Work request:
Exact copies of all the lines below are required, with the pictures omitted.

Dataset entries:
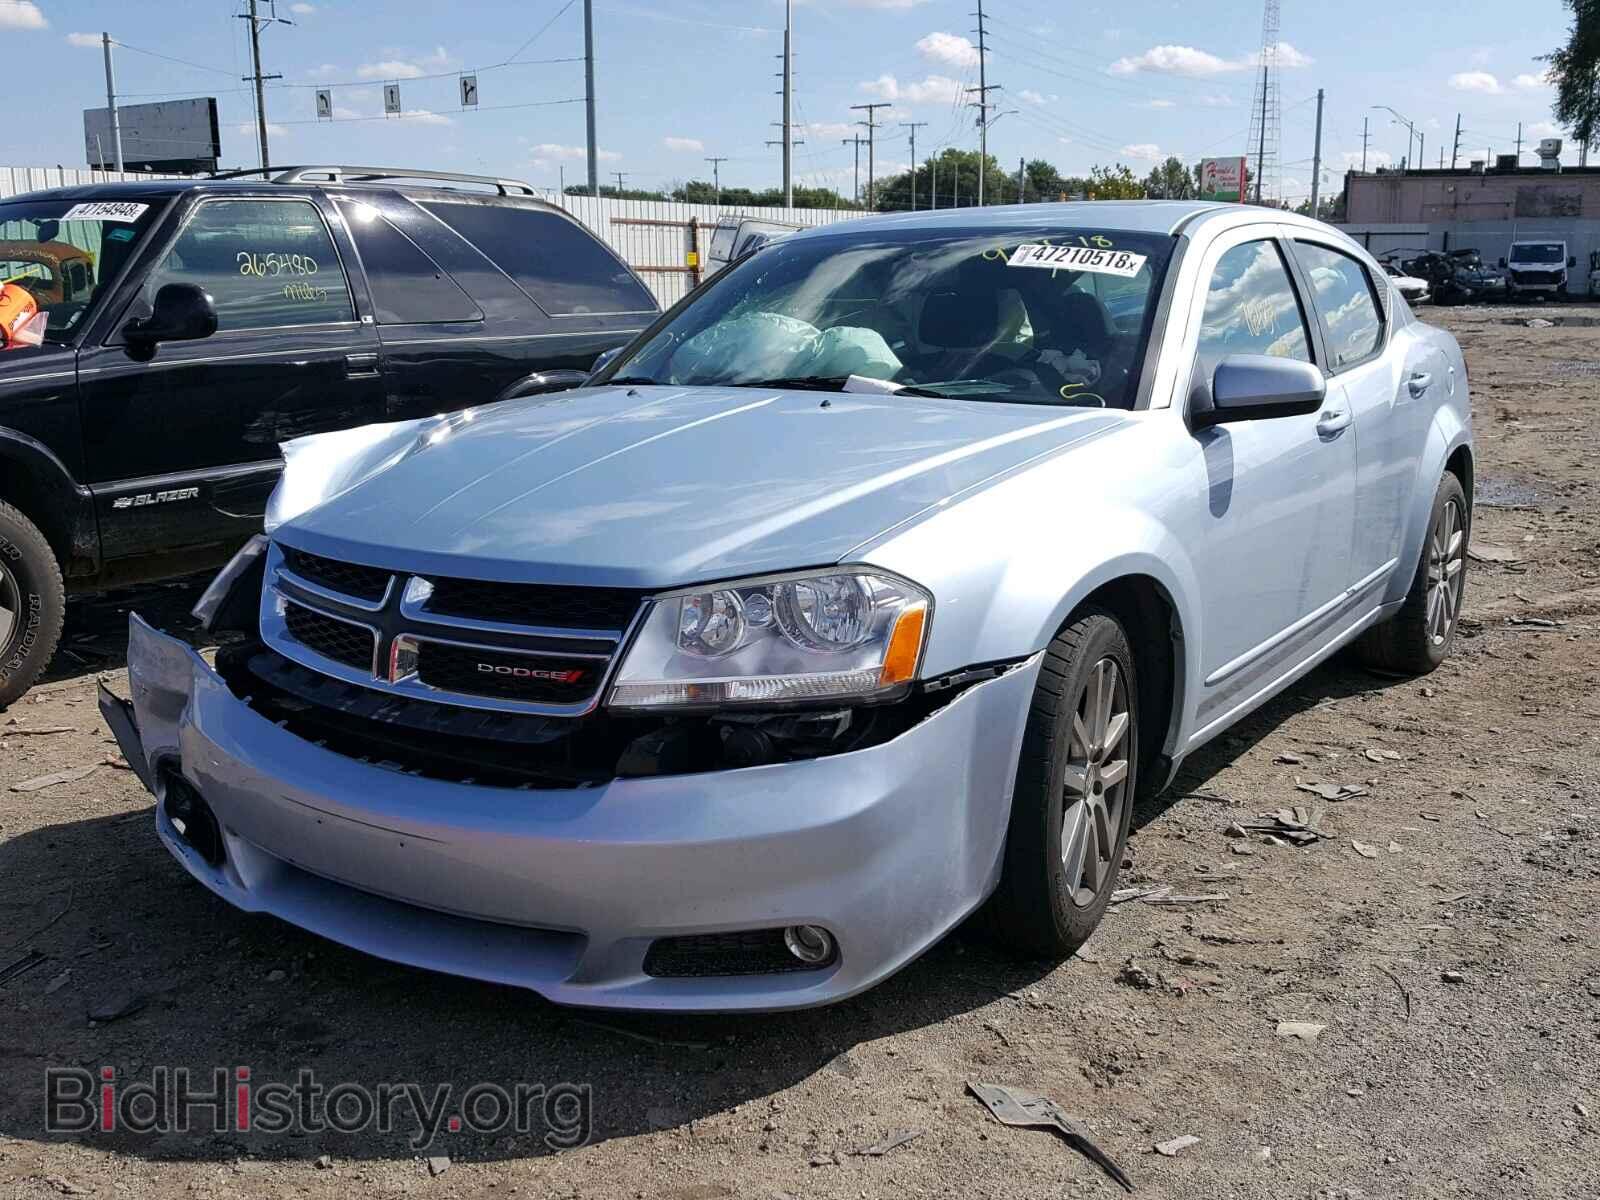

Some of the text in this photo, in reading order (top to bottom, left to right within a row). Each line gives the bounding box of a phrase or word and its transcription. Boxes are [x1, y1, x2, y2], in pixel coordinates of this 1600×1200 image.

[236, 251, 318, 278] 265480
[133, 487, 199, 507] BLAZER
[477, 663, 567, 682] DODGE
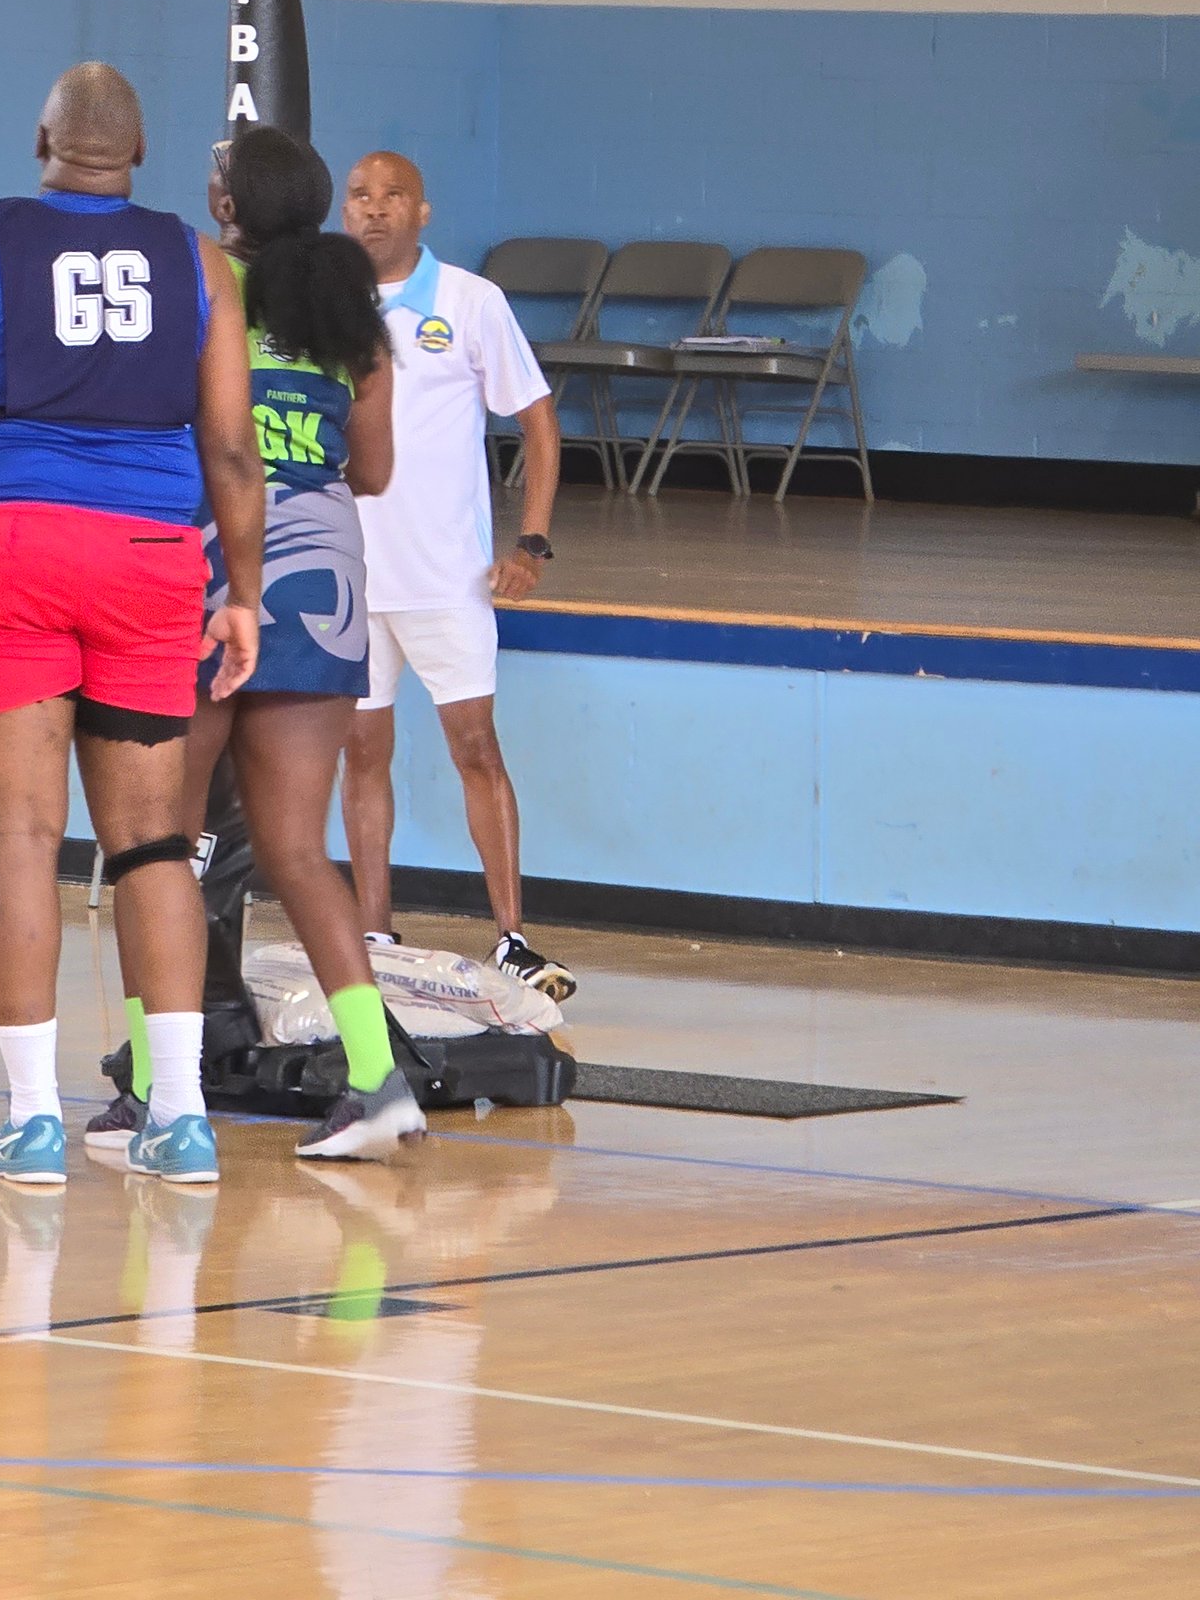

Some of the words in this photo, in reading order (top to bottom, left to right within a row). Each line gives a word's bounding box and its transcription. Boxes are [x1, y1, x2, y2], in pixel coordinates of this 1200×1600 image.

[52, 250, 153, 346] GS
[266, 389, 308, 404] PANTHERS
[251, 403, 325, 465] GK
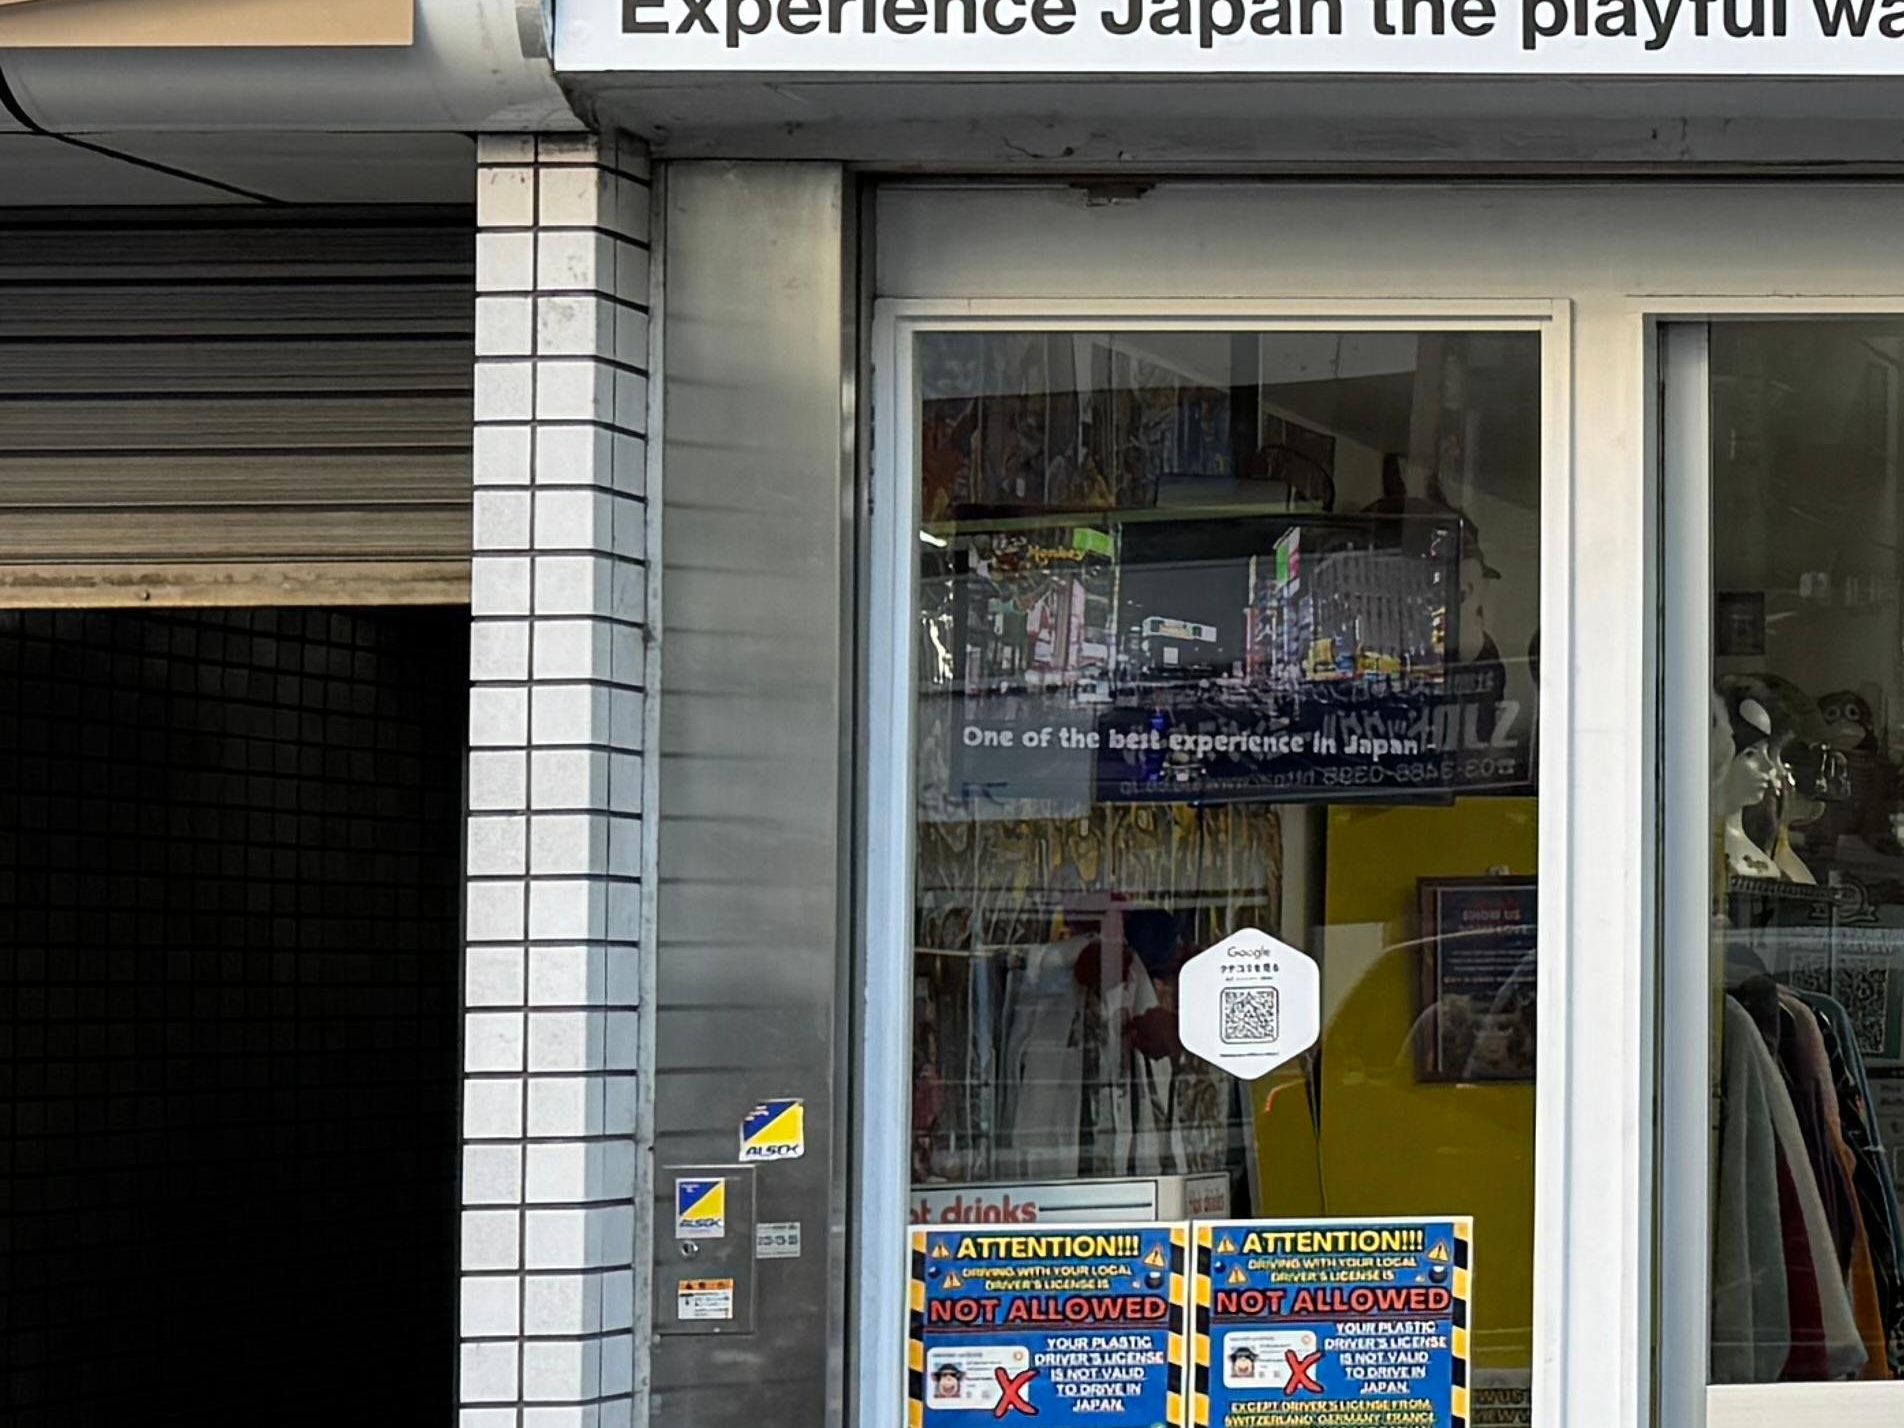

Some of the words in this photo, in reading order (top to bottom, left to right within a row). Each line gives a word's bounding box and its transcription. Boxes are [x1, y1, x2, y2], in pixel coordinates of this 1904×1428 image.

[962, 726, 1013, 748] One
[1022, 727, 1055, 748] of
[1059, 727, 1100, 749] the
[1109, 728, 1161, 751] best
[1169, 728, 1304, 755] experience
[1314, 731, 1337, 754] in
[1344, 735, 1418, 760] Japan
[1227, 945, 1271, 960] Google
[745, 1144, 799, 1157] ALSOK
[951, 1195, 1038, 1223] drinks
[957, 1235, 1140, 1259] ATTENTION!!!
[1242, 1230, 1423, 1254] ATTENTION!!!
[1302, 1258, 1335, 1269] WITH
[1338, 1257, 1374, 1268] YOUR
[1376, 1256, 1417, 1267] LOCAL
[963, 1267, 1015, 1277] DRIVING
[1017, 1266, 1049, 1277] WITH
[1053, 1265, 1089, 1276] YOUR
[1091, 1264, 1132, 1276] LOCAL
[1382, 1271, 1394, 1280] IS
[1045, 1279, 1096, 1290] LICENSE
[1097, 1279, 1109, 1289] IS
[1216, 1290, 1284, 1313] NOT
[1293, 1288, 1450, 1312] ALLOWED
[930, 1299, 999, 1322] NOT
[1008, 1296, 1166, 1320] ALLOWED
[1336, 1322, 1376, 1335] YOUR
[1378, 1321, 1437, 1334] PLASTIC
[1047, 1338, 1088, 1350] YOUR
[1092, 1336, 1152, 1349] PLASTIC
[1324, 1338, 1388, 1351] DRIVER'S
[1390, 1336, 1447, 1349] LICENSE
[1034, 1353, 1101, 1365] DRIVER'S
[1104, 1352, 1164, 1364] LICENSE
[1340, 1353, 1352, 1365] IS
[1354, 1352, 1385, 1364] NOT
[1387, 1351, 1429, 1363] VALID
[1050, 1369, 1064, 1381] IS
[1067, 1368, 1099, 1380] NOT
[1101, 1367, 1145, 1379] VALID
[1345, 1367, 1366, 1379] TO
[1369, 1366, 1409, 1379] DRIVE
[1411, 1366, 1426, 1378] IN
[1056, 1385, 1078, 1396] TO
[1082, 1384, 1123, 1396] DRIVE
[1126, 1383, 1141, 1395] IN
[1392, 1399, 1432, 1410] FROM

Answer to this task:
Some of the text in this photo, in reading order (top to bottom, left to right within a row). Each line gives the bounding box of a phrase or word and its transcription. Boxes are [x1, y1, x2, y2], in pixel coordinates of this 1600×1200 image.

[236, 251, 318, 278] 265480
[133, 487, 199, 507] BLAZER
[477, 663, 567, 682] DODGE

Some of the words in this photo, in reading order (top to bottom, left to right within a row). Each line gives a word's bounding box and its transcription. Boxes are [x1, y1, x2, y2], in pixel coordinates of this 1200×1600 image.

[52, 250, 153, 346] GS
[266, 389, 308, 404] PANTHERS
[251, 403, 325, 465] GK

Some of the words in this photo, in reading order (top to bottom, left to right within a row). Each line gives a word's bounding box and its transcription. Boxes are [x1, y1, x2, y2], in pixel coordinates of this 1904×1428 image.

[962, 726, 1013, 748] One
[1022, 727, 1055, 748] of
[1059, 727, 1100, 749] the
[1109, 728, 1161, 751] best
[1169, 728, 1304, 755] experience
[1314, 731, 1337, 754] in
[1344, 735, 1418, 760] Japan
[1227, 945, 1271, 960] Google
[745, 1144, 799, 1157] ALSOK
[951, 1195, 1038, 1223] drinks
[957, 1235, 1140, 1259] ATTENTION!!!
[1242, 1230, 1423, 1254] ATTENTION!!!
[1302, 1258, 1335, 1269] WITH
[1338, 1257, 1374, 1268] YOUR
[1376, 1256, 1417, 1267] LOCAL
[963, 1267, 1015, 1277] DRIVING
[1017, 1266, 1049, 1277] WITH
[1053, 1265, 1089, 1276] YOUR
[1091, 1264, 1132, 1276] LOCAL
[1382, 1271, 1394, 1280] IS
[1045, 1279, 1096, 1290] LICENSE
[1097, 1279, 1109, 1289] IS
[1216, 1290, 1284, 1313] NOT
[1293, 1288, 1450, 1312] ALLOWED
[930, 1299, 999, 1322] NOT
[1008, 1296, 1166, 1320] ALLOWED
[1336, 1322, 1376, 1335] YOUR
[1378, 1321, 1437, 1334] PLASTIC
[1047, 1338, 1088, 1350] YOUR
[1092, 1336, 1152, 1349] PLASTIC
[1324, 1338, 1388, 1351] DRIVER'S
[1390, 1336, 1447, 1349] LICENSE
[1034, 1353, 1101, 1365] DRIVER'S
[1104, 1352, 1164, 1364] LICENSE
[1340, 1353, 1352, 1365] IS
[1354, 1352, 1385, 1364] NOT
[1387, 1351, 1429, 1363] VALID
[1050, 1369, 1064, 1381] IS
[1067, 1368, 1099, 1380] NOT
[1101, 1367, 1145, 1379] VALID
[1345, 1367, 1366, 1379] TO
[1369, 1366, 1409, 1379] DRIVE
[1411, 1366, 1426, 1378] IN
[1056, 1385, 1078, 1396] TO
[1082, 1384, 1123, 1396] DRIVE
[1126, 1383, 1141, 1395] IN
[1392, 1399, 1432, 1410] FROM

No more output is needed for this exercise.